Several approaches have been proposed in the literature for clustering multivariate ordinal data. These methods typically treat missing values as absent information, rather than recognizing them as valuable for profiling population characteristics. To address this gap, we introduce a Bayesian nonparametric model for co-clustering multivariate ordinal data that treats censored observations as informative, rather than merely missing. We demonstrate that this offers a significant improvement in understanding the underlying structure of the data. Our model exploits the flexibility of two independent Dirichlet processes, allowing us to infer potentially distinct subpopulations that characterize the latent structure of both subjects and variables. The ordinal nature of the data is addressed by introducing latent variables, while a matrix factorization specification is adopted to handle the high dimensionality of the data in a parsimonious way. The conjugate structure of the model enables an explicit derivation of the full conditional distributions of all the random variables in the model, which facilitates seamless posterior inference using a Gibbs sampling algorithm. We demonstrate the method's performance through simulations and by analyzing politician and movie ratings data.

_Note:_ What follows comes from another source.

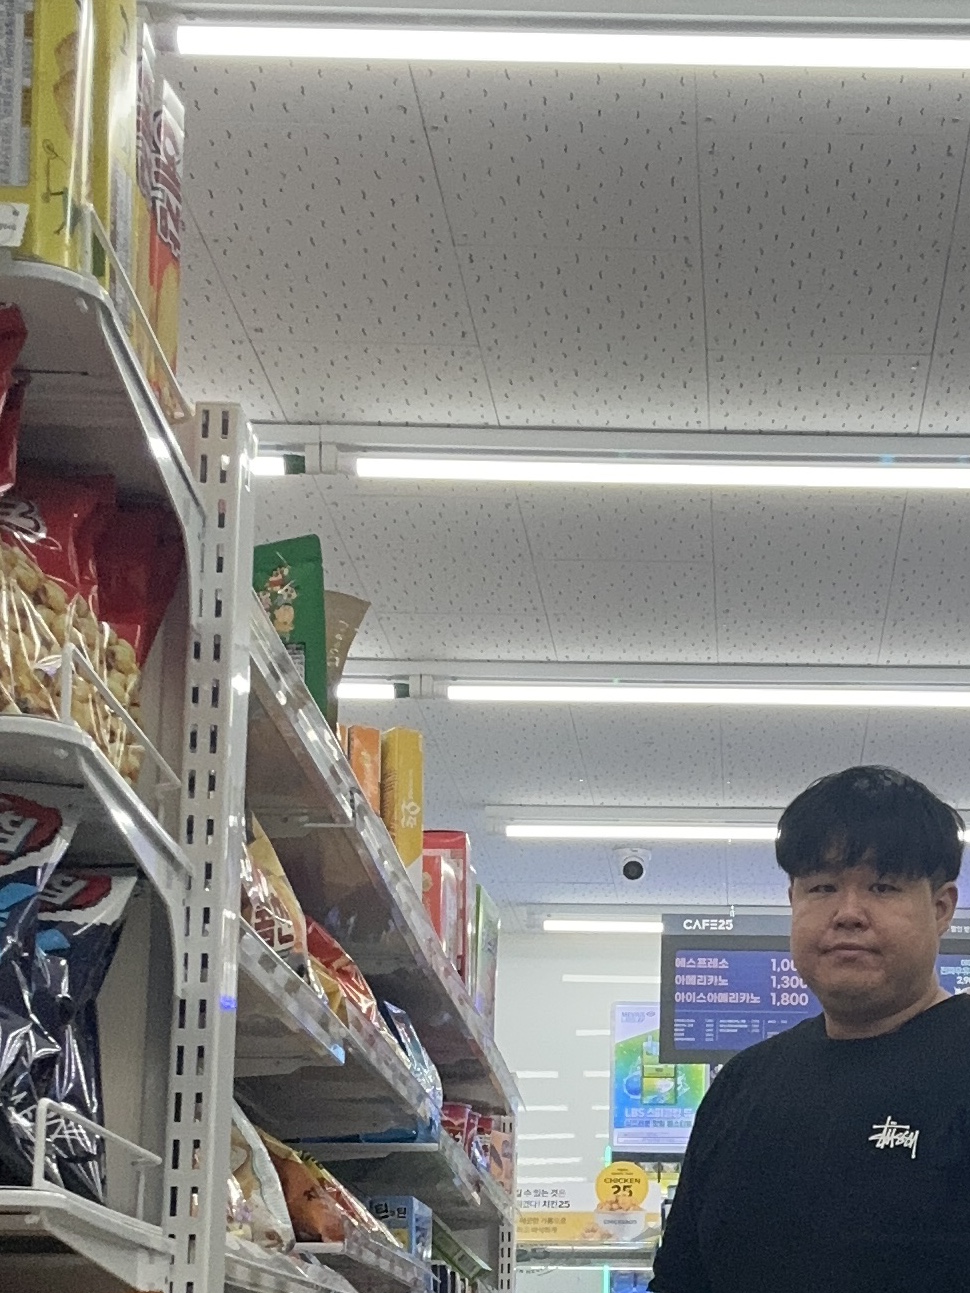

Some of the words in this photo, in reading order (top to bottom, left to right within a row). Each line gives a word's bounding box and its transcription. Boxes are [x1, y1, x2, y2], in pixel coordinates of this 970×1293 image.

翻译：文献中已提出了多种用于聚类多元序数数据的方法。这些方法通常将缺失值视为不存在的信息，而非认识到它们对于刻画总体特征具有价值。为弥补这一不足，我们提出了一种用于共聚类多元序数数据的贝叶斯非参数模型，该模型将删失观测视为信息性数据，而非仅仅是缺失值。我们证明，这为理解数据的底层结构提供了显著改进。我们的模型利用了**两个独立狄利克雷过程**的灵活性，使我们能够推断可能存在的不同子总体，这些子总体刻画了主体和变量的潜在结构。通过引入潜变量来处理数据的序数性质，同时采用矩阵分解设定，以简约的方式处理数据的高维性。模型的共轭结构使得所有随机变量的完全条件分布得以显式推导，从而便于使用**吉布斯采样算法**进行无缝的后验推断。我们通过模拟实验以及分析政治人物和电影评分数据，展示了该方法的性能。